Obsessive-compulsive disorder (OCD) may disrupt regular life and potentially lead to depression too. The Department of Psychiatry at Singapore General Hospital shares its causes and treatments.
A person with obsessive-compulsive disorder (OCD) gets regularly beset by an “obsession” – repetitive, intrusive ideas or thoughts. These are not in harmony with the person’s values, and result in a lot of anxiety. In an attempt to relieve the anxiety, the person may repeatedly engage in certain behaviours or rituals or mental acts, which are called “compulsions”.
The type of OCD often portrayed on TV is cleaning. These sufferers have recurrent intrusive thoughts about cleanliness. Some have the fear that if they remain unclean, misfortune may strike their family. They may then wash their hands or spend an excessive amount of time in the shower washing up in a specific order.
If they think they missed a step, they may start all over and the bathing can take many hours, chalking up massive utility bills. Their skin can also break. Unfortunately, these cleaning rituals do not realistically neutralise their fears.
Some patients are so exhausted that they avoid stepping into the bathroom for days. They may even get their family members involved in the cleaning rituals.
Apart from cleaning, the other common compulsive behaviours are checking and counting. For example, the person has to make sure that the main door is locked or the tap is turned off, and then goes back again to check. “Some patients have broken their door knobs from the repetitive checks,” says Dr Victor Kwok, Consultant, Department of Psychiatry, Singapore General Hospital (SGH), a member of the SingHealth group.
“Persons with OCD are often aware that these thoughts and rituals are irrational or excessive, but they cannot stop,” says Dr Kwok.
Obsessive-compulsive disorder is one of top three mental disorders in Singapore. About 3 per cent of the adult population will suffer from OCD during their lifetime, according to the Singapore Mental Health Study (2010).

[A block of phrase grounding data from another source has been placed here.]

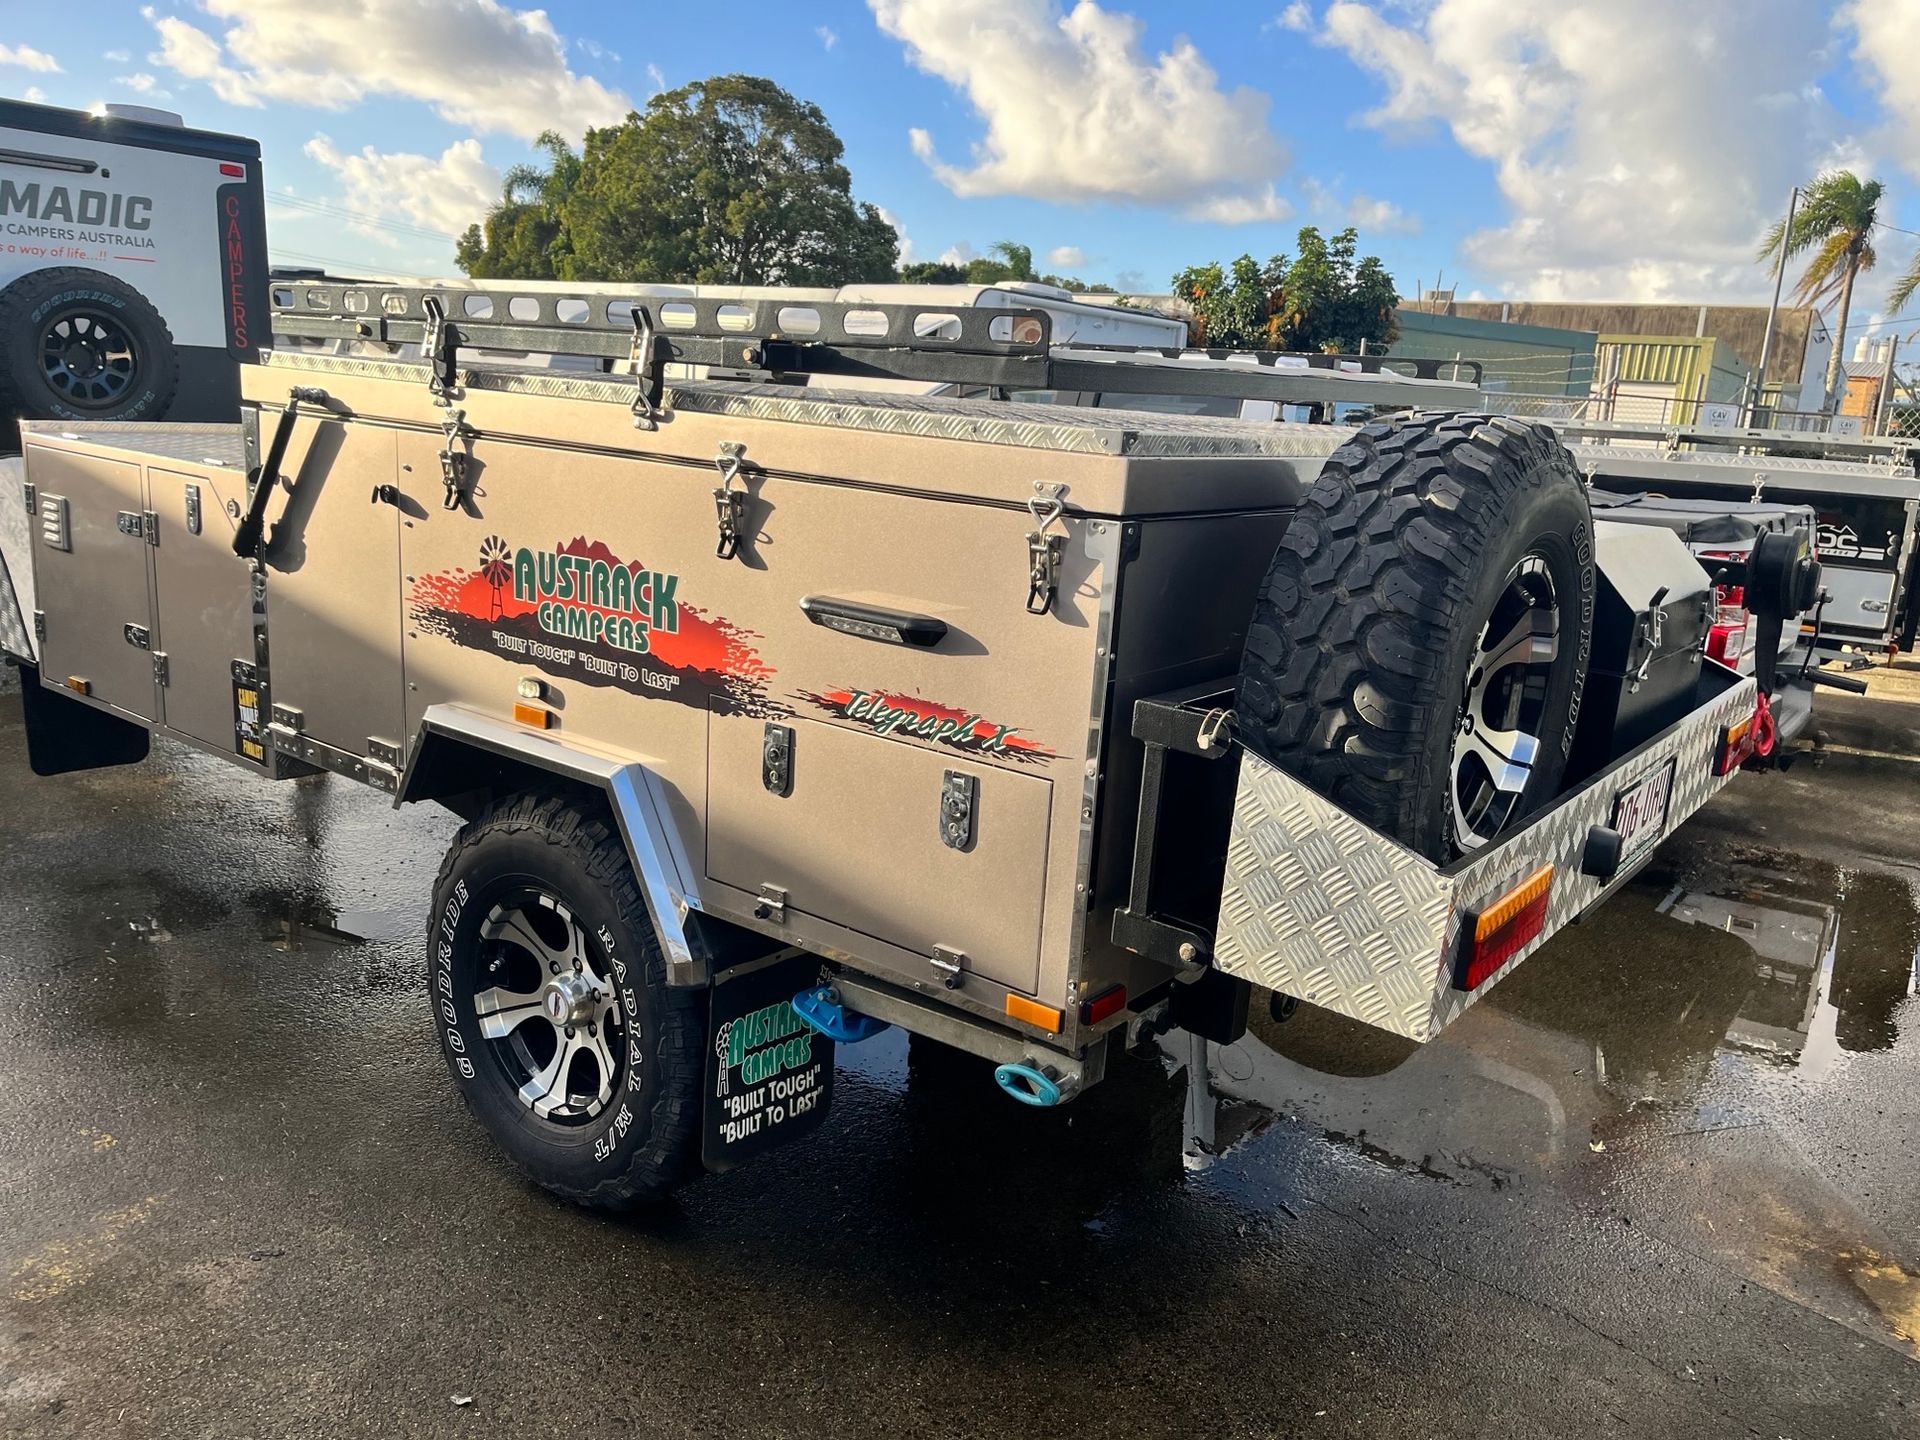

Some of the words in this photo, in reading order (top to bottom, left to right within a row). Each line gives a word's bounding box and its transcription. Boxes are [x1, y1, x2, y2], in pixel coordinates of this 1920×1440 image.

[0, 179, 153, 231] MADIC
[7, 223, 74, 241] CAMPERS
[78, 231, 156, 249] AUSTRALIA
[5, 244, 16, 252] a
[19, 246, 49, 259] way
[50, 247, 64, 257] of
[226, 196, 249, 349] CAMPERS
[513, 547, 680, 634] AUSTRACK
[537, 601, 651, 654] CAMPERS
[1560, 520, 1594, 760] GOODRIDE
[844, 688, 983, 746] Telegraph
[437, 879, 476, 1080] GOODRIDE
[597, 925, 644, 1093] RADIAL
[727, 1000, 822, 1068] AUSTRA
[741, 1033, 812, 1086] CAMPERS

On average, OCD sufferers wait nine years after the start of their symptoms to seek help. The OCD may stop them from leading a normal life and some patients are unable to work. Patients may develop depression too.
What causes OCD?
Doctors have agreed that OCD is due to a combination of both psycho-social and biological factors. Brain imaging of these patients have identified changes in the structure of the brain. It is also believed to be due to problems with certain brain circuitry. Low levels of serotonin (a neurotransmitter or brain chemical) have been linked to it. Some cases have been attributed to childhood throat infections.
Treatment for OCD
Doctors usually treat OCD patients with both medication and psychotherapy such as exposure and response prevention (ERP).
“About 50 to 70 per cent of patients can get their OCD under control,” says Dr Kwok.

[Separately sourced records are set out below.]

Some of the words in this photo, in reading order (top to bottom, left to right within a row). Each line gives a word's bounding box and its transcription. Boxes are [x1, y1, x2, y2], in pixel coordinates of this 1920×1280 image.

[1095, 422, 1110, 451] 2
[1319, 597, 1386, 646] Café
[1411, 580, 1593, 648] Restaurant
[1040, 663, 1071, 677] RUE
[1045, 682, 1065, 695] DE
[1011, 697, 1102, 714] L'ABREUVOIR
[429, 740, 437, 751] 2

Doctors may prescribe selective serotonin re-uptake inhibitors (SSRIs) and these are often required at high doses. “The gold standard is still clomipramine, an older medication that is a tricyclic antidepressant, but because of the many side effects, it is not the first choice,” says Dr Kwok.

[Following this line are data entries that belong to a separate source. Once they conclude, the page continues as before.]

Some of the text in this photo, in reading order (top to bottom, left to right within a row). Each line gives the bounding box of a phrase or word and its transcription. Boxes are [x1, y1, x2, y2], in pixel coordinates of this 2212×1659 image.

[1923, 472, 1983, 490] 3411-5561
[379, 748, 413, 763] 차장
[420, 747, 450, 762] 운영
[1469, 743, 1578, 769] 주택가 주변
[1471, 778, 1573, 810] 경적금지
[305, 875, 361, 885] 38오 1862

In ERP, OCD patients obsessed with cleanliness may be asked to expose themselves to dirt. They have to stay with the anxiety-provoking situation and let the fear climb. During this time, they must abstain from performing the ritual of cleaning for as long as they can.
Repeated exposure will lead to the person habituating to the fear. “Patients need a lot of motivation to undergo therapy,” says Dr Kwok.”
In some facilities, there are community outreach teams that can go to the patient’s house to help them and their family. “The family members need a lot of support too. They are also told to stop being part of the ritual, and the outreach team may even enlist them in therapy.”
In very severe cases that do not respond to both therapy and medications, a neurosurgeon may be asked to assess the patient and perform a complicated operation to cut the circuits linked to OCD. “This is reserved for very severe cases and the operation is extremely rare. A committee has to assess whether the patient has exhausted all other options because of the risks involved,” says Dr Kwok.